Action item> Copy out the data exactly as it appears, without a single image.

Records for processing>
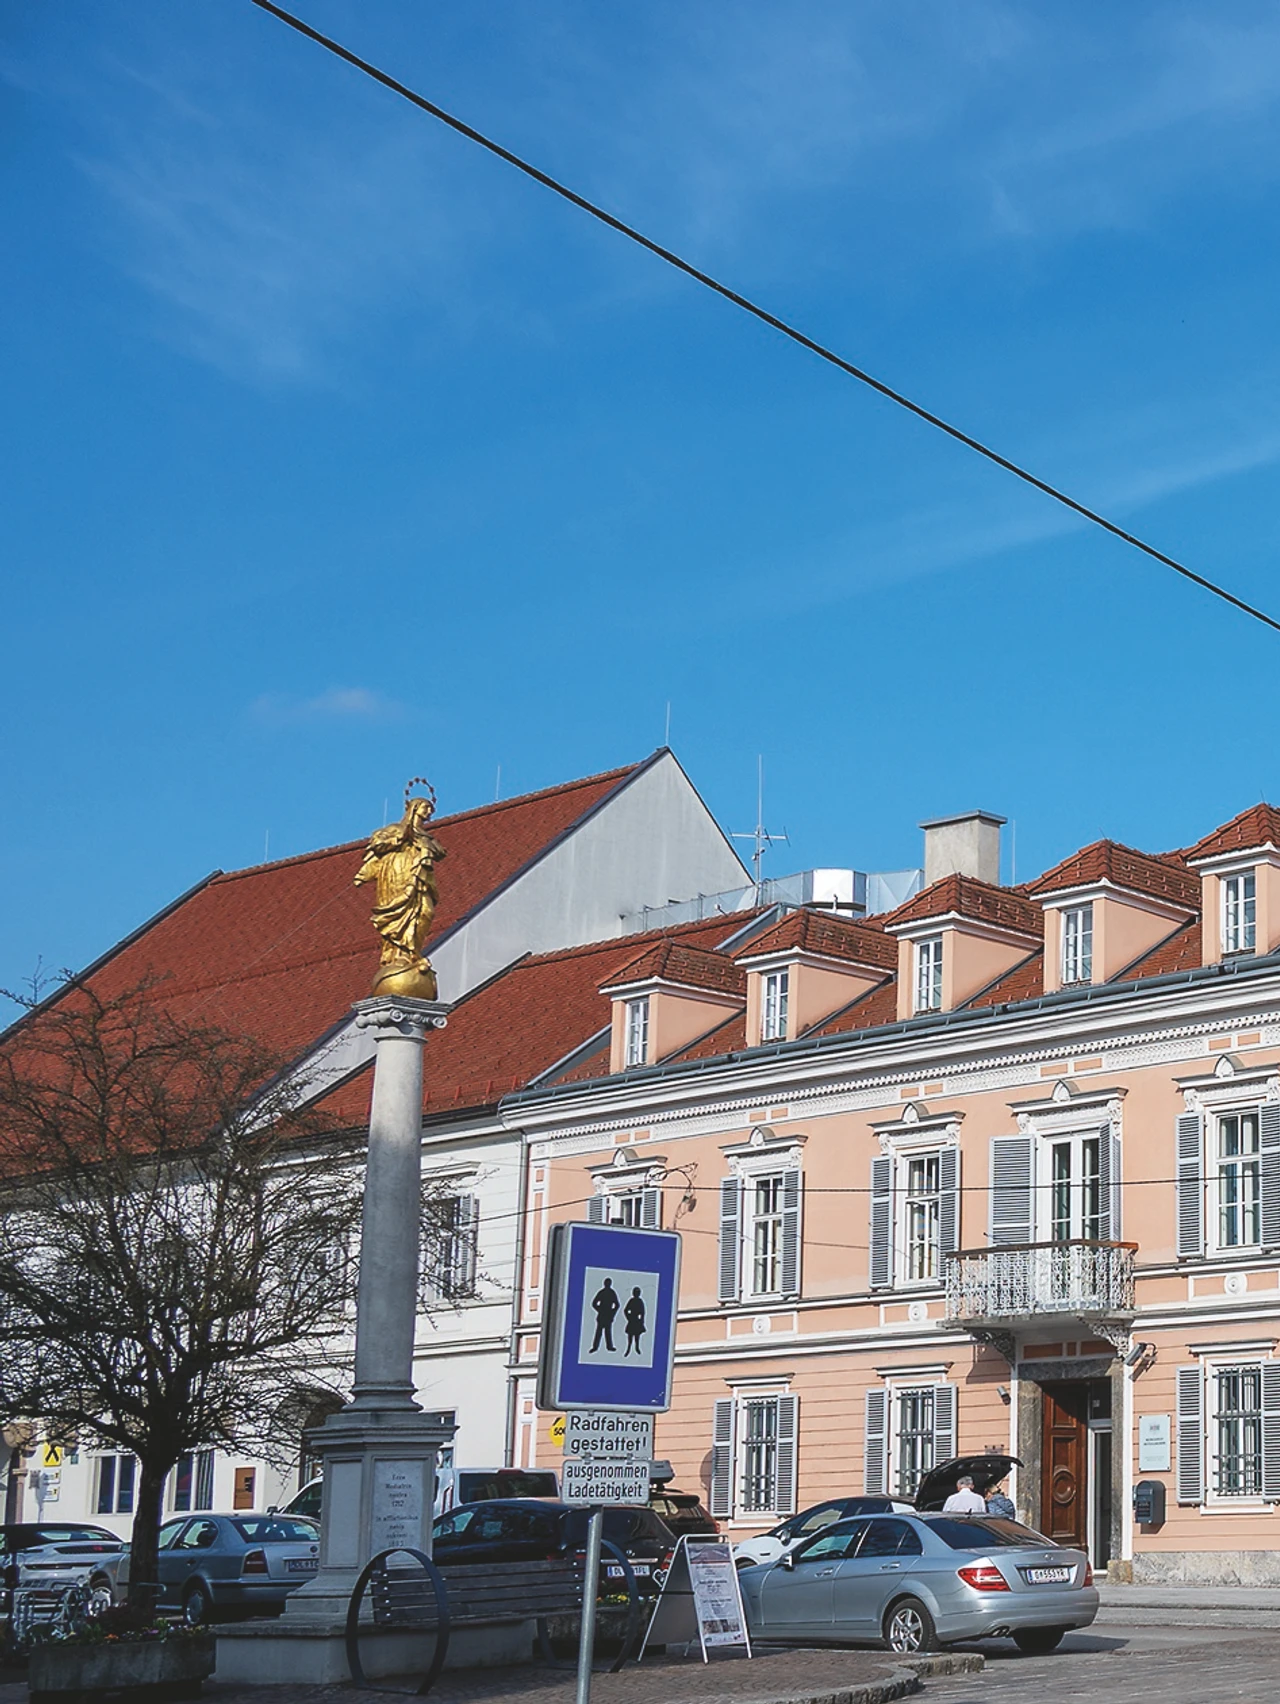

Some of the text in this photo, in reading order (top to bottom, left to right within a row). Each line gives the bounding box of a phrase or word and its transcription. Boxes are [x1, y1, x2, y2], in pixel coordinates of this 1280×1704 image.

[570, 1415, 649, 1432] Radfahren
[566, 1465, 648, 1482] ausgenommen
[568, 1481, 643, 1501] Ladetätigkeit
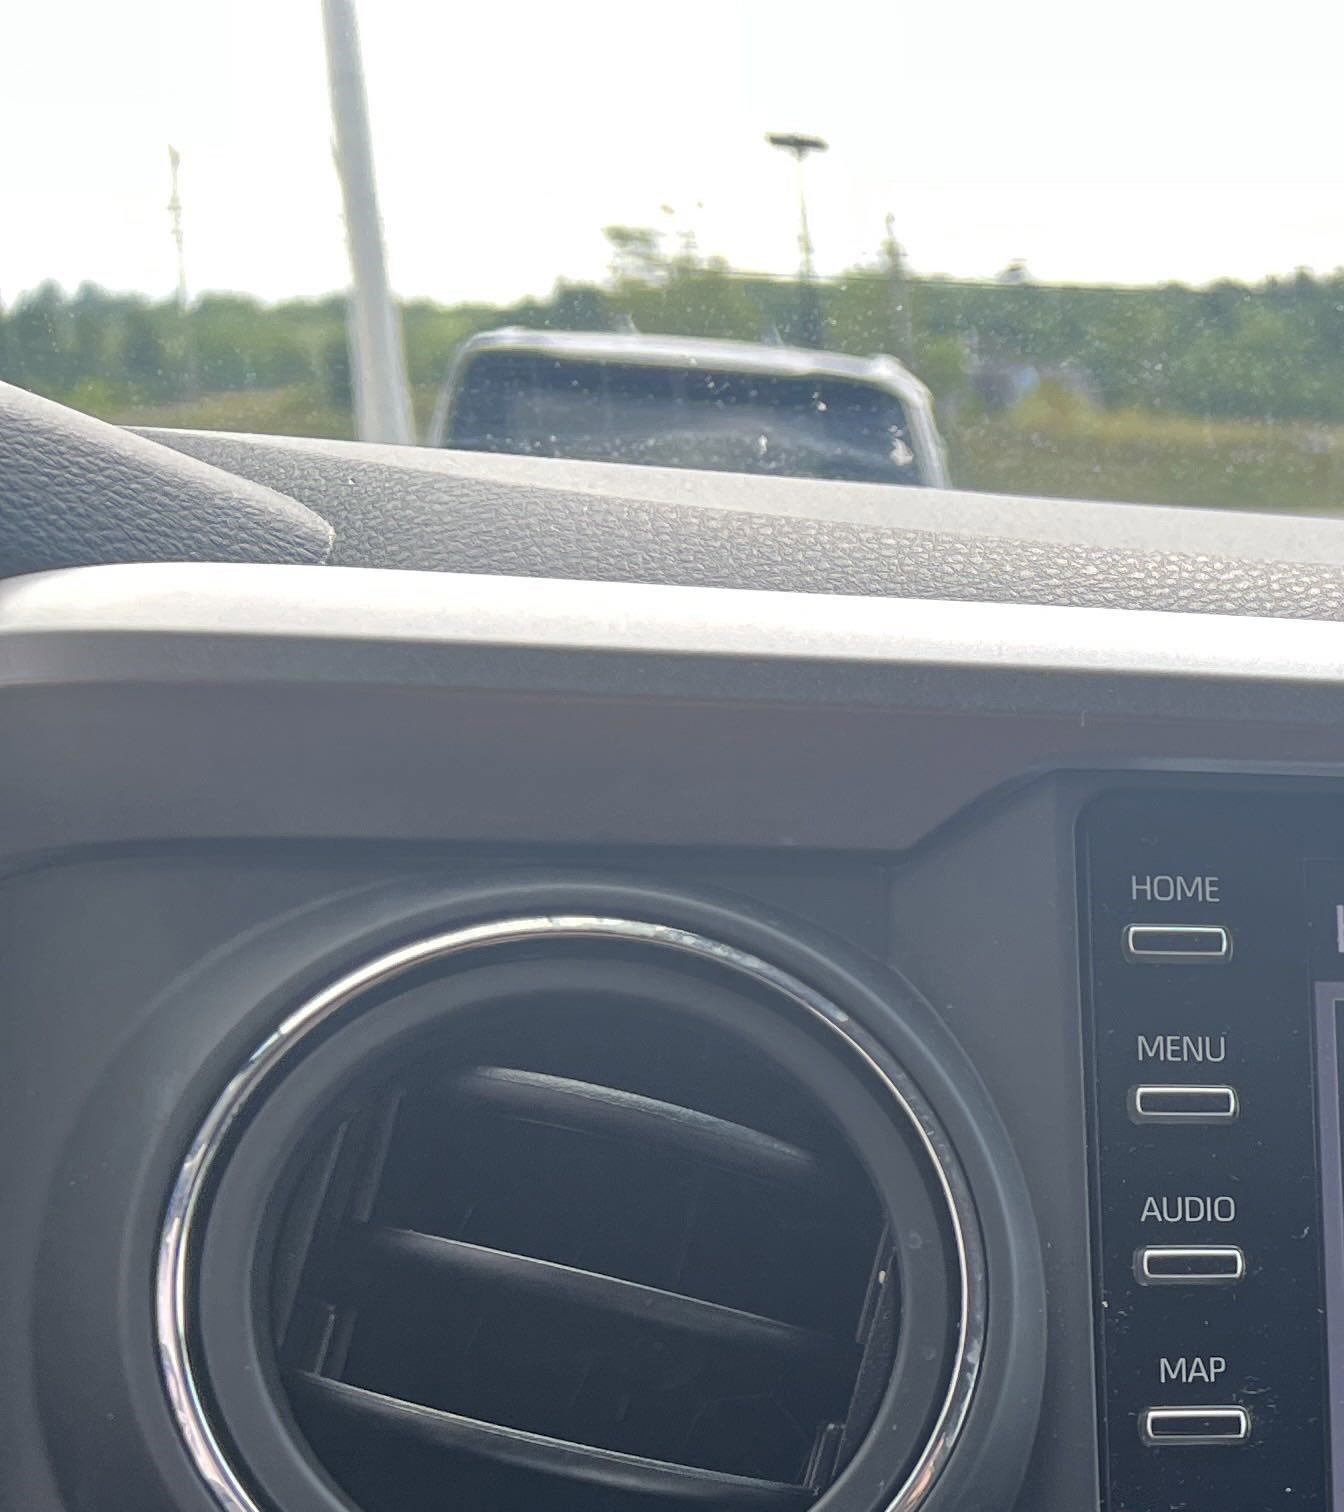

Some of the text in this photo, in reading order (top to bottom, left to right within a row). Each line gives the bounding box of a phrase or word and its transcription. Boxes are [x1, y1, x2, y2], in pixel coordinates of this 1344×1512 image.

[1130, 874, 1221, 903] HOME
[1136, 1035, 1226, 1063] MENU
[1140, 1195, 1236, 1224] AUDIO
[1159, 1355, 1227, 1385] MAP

The answer>
Some of the text in this photo, in reading order (top to bottom, left to right within a row). Each line gives the bounding box of a phrase or word and its transcription. Boxes are [x1, y1, x2, y2], in pixel coordinates of this 1280×1704 image.

[570, 1415, 649, 1432] Radfahren
[566, 1465, 648, 1482] ausgenommen
[568, 1481, 643, 1501] Ladetätigkeit

Some of the text in this photo, in reading order (top to bottom, left to right within a row). Each line gives the bounding box of a phrase or word and its transcription. Boxes are [x1, y1, x2, y2], in pixel coordinates of this 1344×1512 image.

[1130, 874, 1221, 903] HOME
[1136, 1035, 1226, 1063] MENU
[1140, 1195, 1236, 1224] AUDIO
[1159, 1355, 1227, 1385] MAP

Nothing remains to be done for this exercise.